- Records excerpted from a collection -
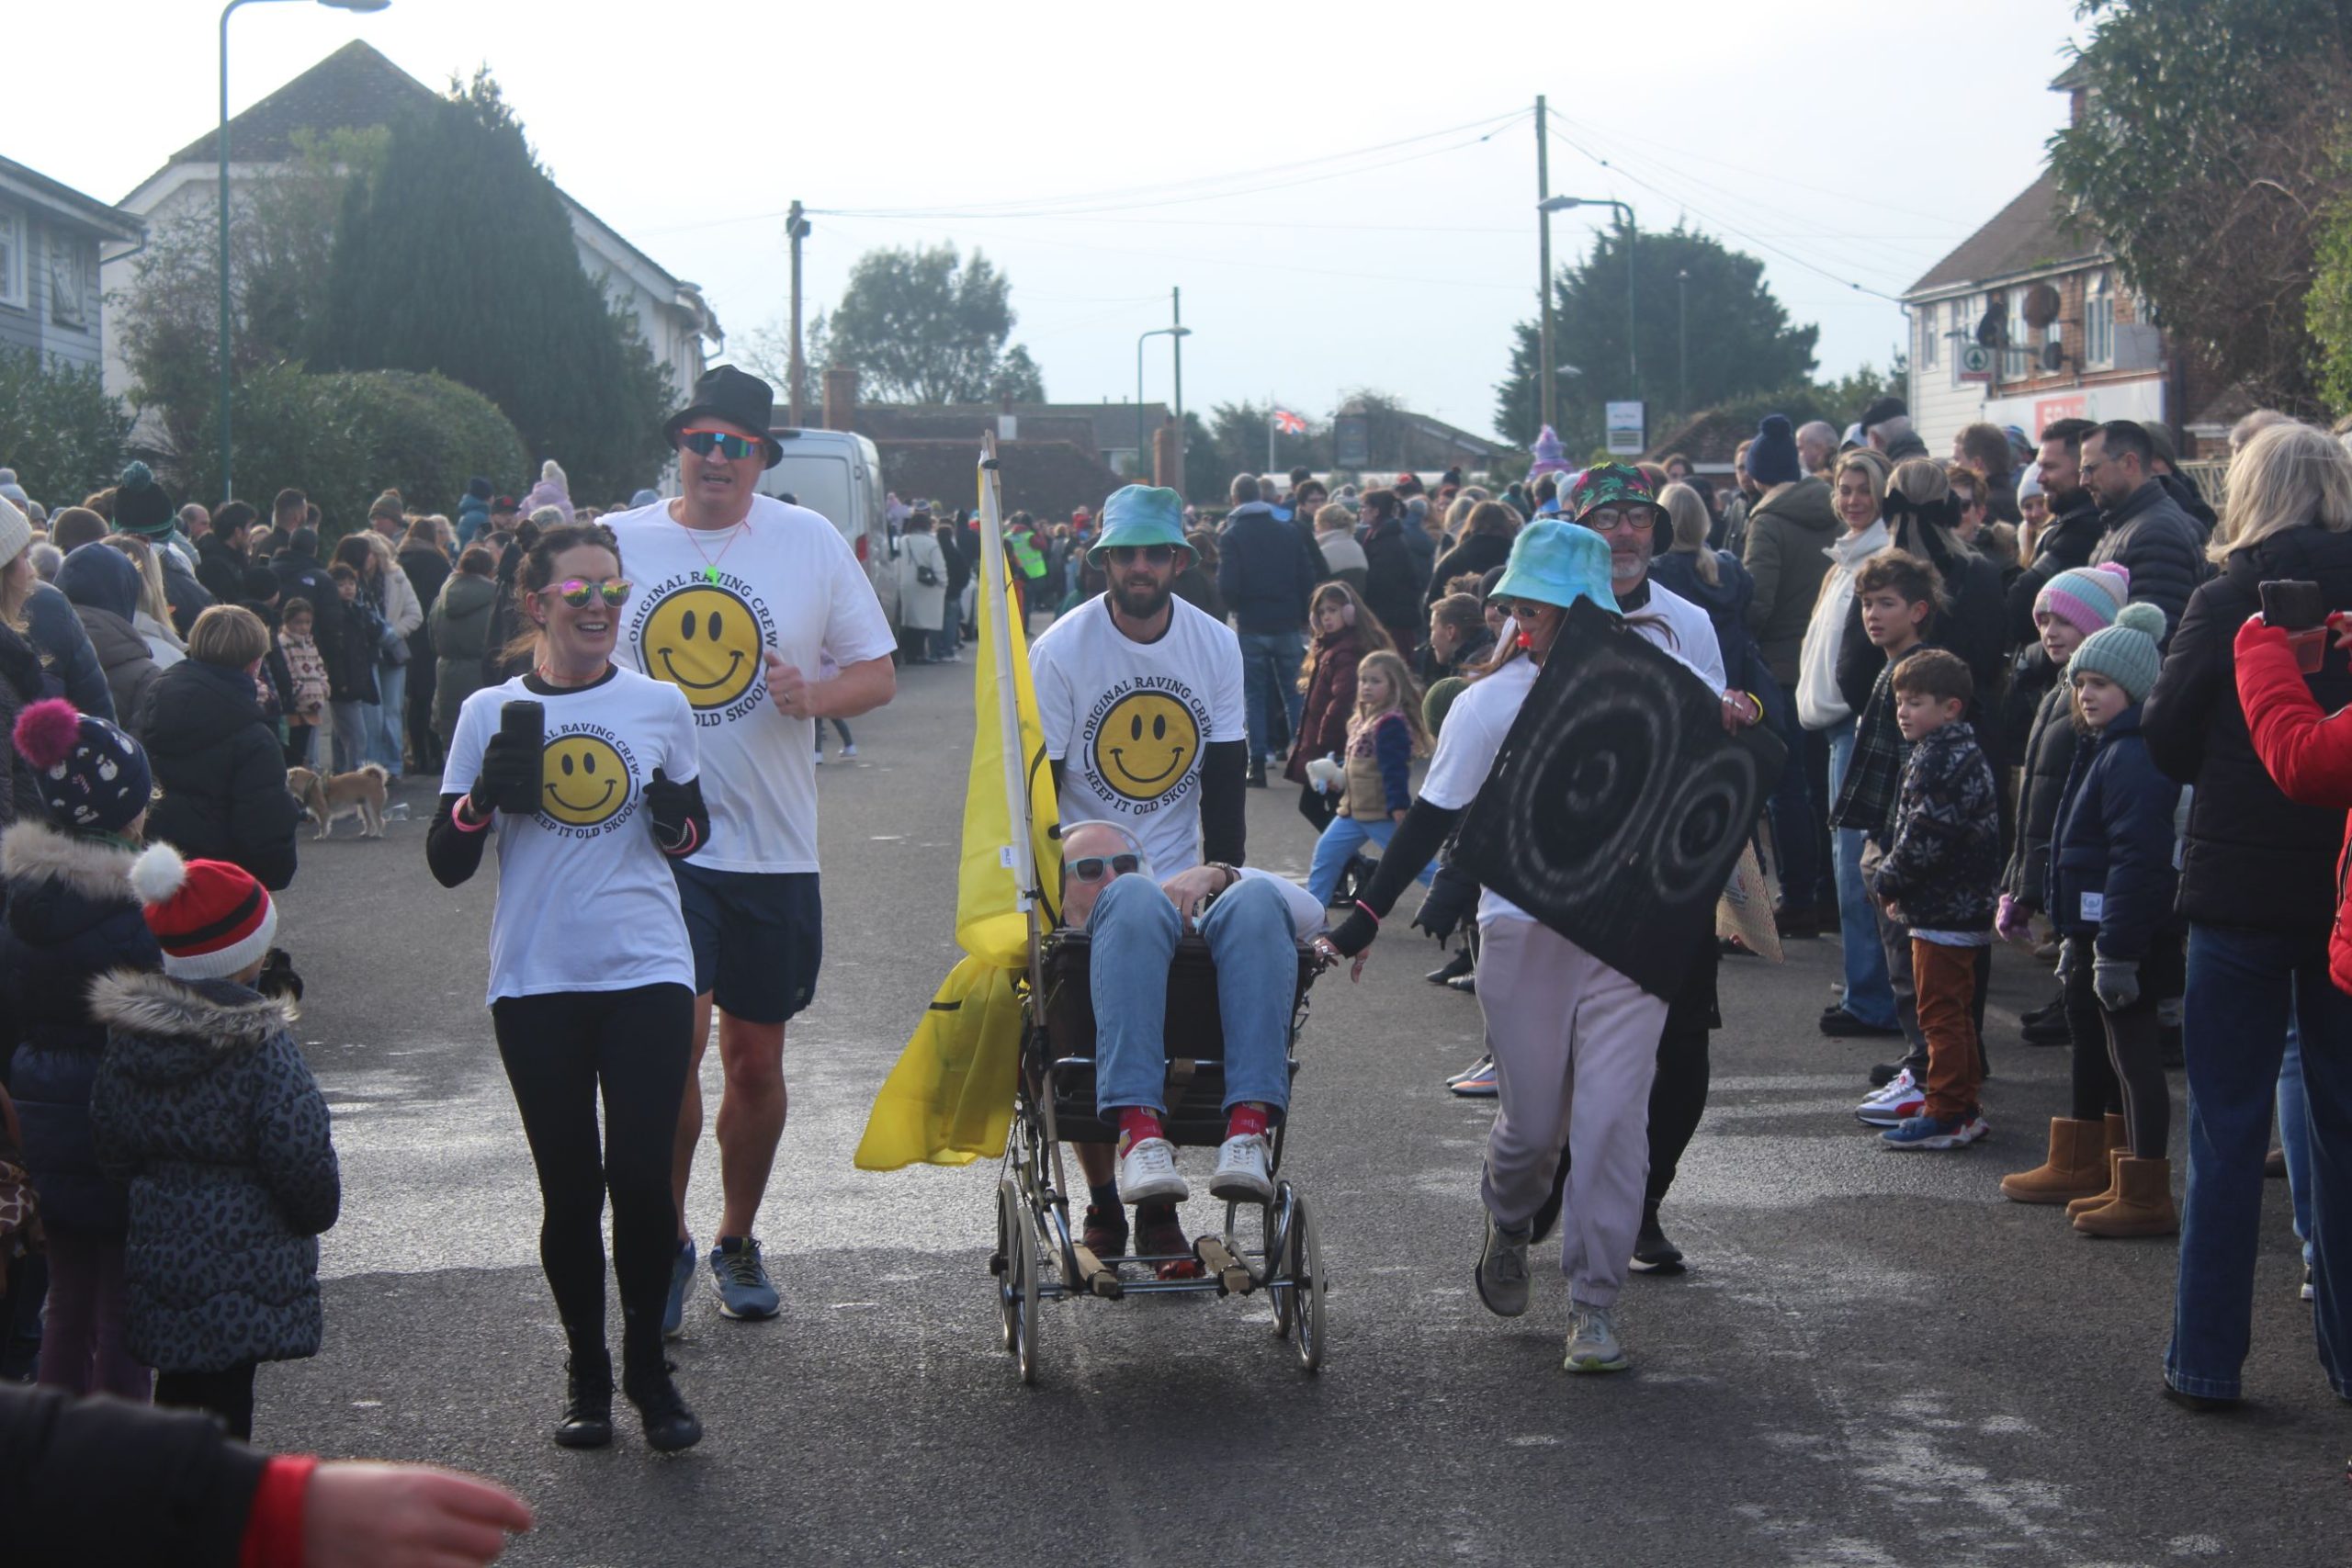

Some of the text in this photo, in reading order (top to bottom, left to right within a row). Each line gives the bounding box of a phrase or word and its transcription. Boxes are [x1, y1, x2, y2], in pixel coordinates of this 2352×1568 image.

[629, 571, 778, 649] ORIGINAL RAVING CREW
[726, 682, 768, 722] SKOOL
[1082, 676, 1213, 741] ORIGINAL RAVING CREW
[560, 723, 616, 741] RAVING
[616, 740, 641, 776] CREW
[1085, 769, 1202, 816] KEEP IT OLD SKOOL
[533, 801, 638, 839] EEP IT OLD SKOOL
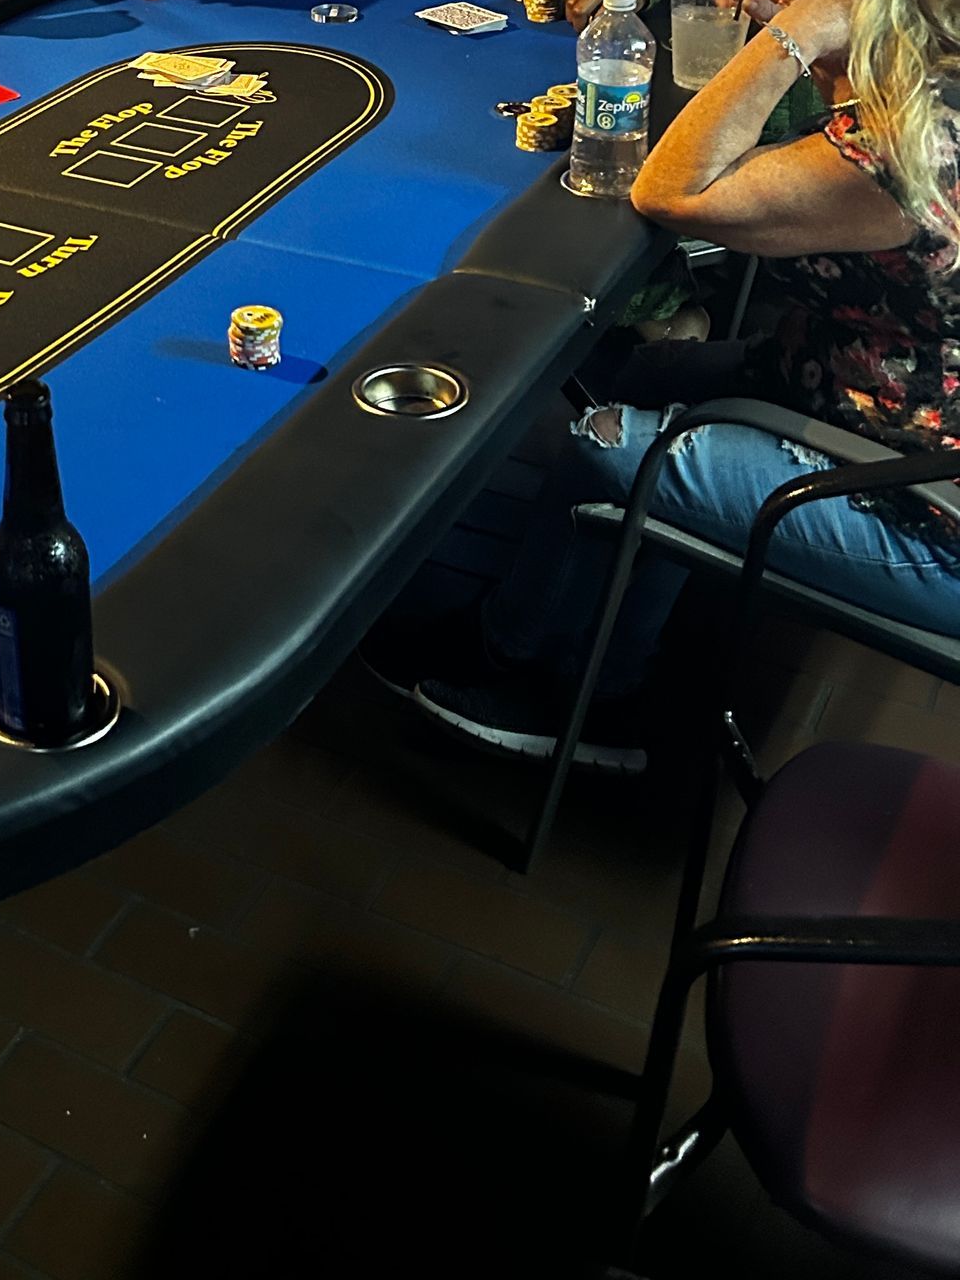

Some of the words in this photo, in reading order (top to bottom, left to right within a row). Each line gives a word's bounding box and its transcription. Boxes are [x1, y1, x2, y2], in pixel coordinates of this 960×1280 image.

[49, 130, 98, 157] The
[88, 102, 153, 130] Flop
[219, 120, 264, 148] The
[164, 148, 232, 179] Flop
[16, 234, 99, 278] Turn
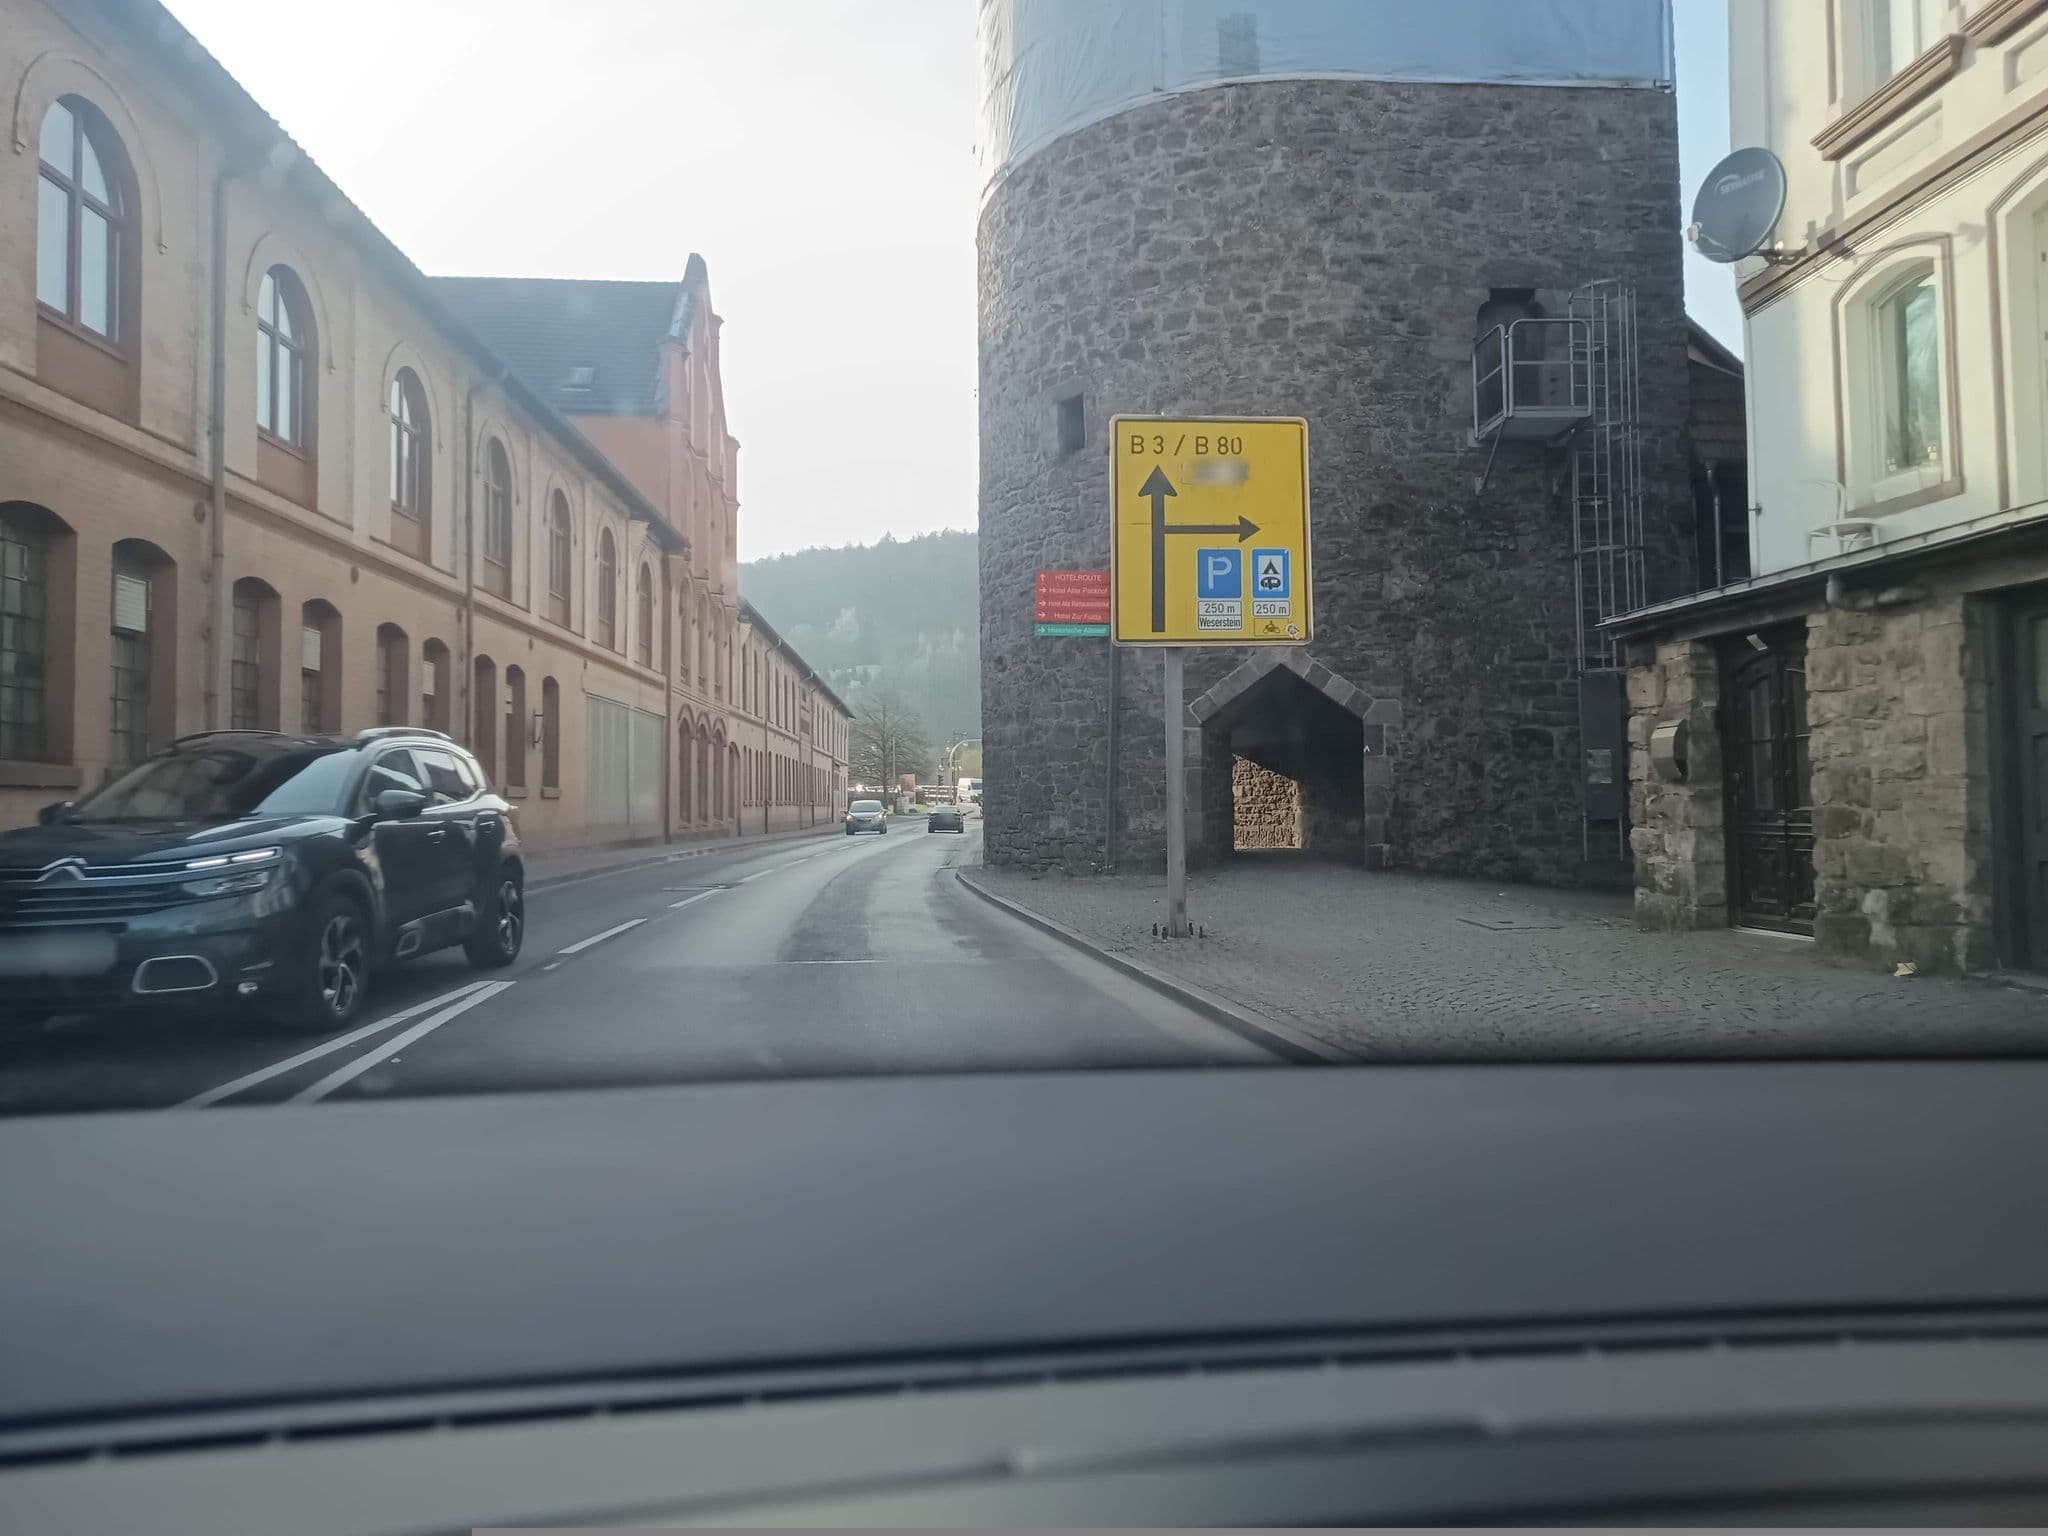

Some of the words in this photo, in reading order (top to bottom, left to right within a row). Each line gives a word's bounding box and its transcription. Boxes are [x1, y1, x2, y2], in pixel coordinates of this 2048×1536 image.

- Problem details -
Every line from the one holding "this 960×1280 image." through the end of the records above must be reproduced verbatim, pictures excepted.

- Answer -
Some of the words in this photo, in reading order (top to bottom, left to right within a row). Each line gives a word's bounding box and its transcription. Boxes are [x1, y1, x2, y2], in pixel coordinates of this 960×1280 image.

[49, 130, 98, 157] The
[88, 102, 153, 130] Flop
[219, 120, 264, 148] The
[164, 148, 232, 179] Flop
[16, 234, 99, 278] Turn

Some of the words in this photo, in reading order (top to bottom, left to right within a row). Each line gives a word's bounding box and its transcription. Boxes are [x1, y1, x2, y2], in pixel coordinates of this 2048×1536 image.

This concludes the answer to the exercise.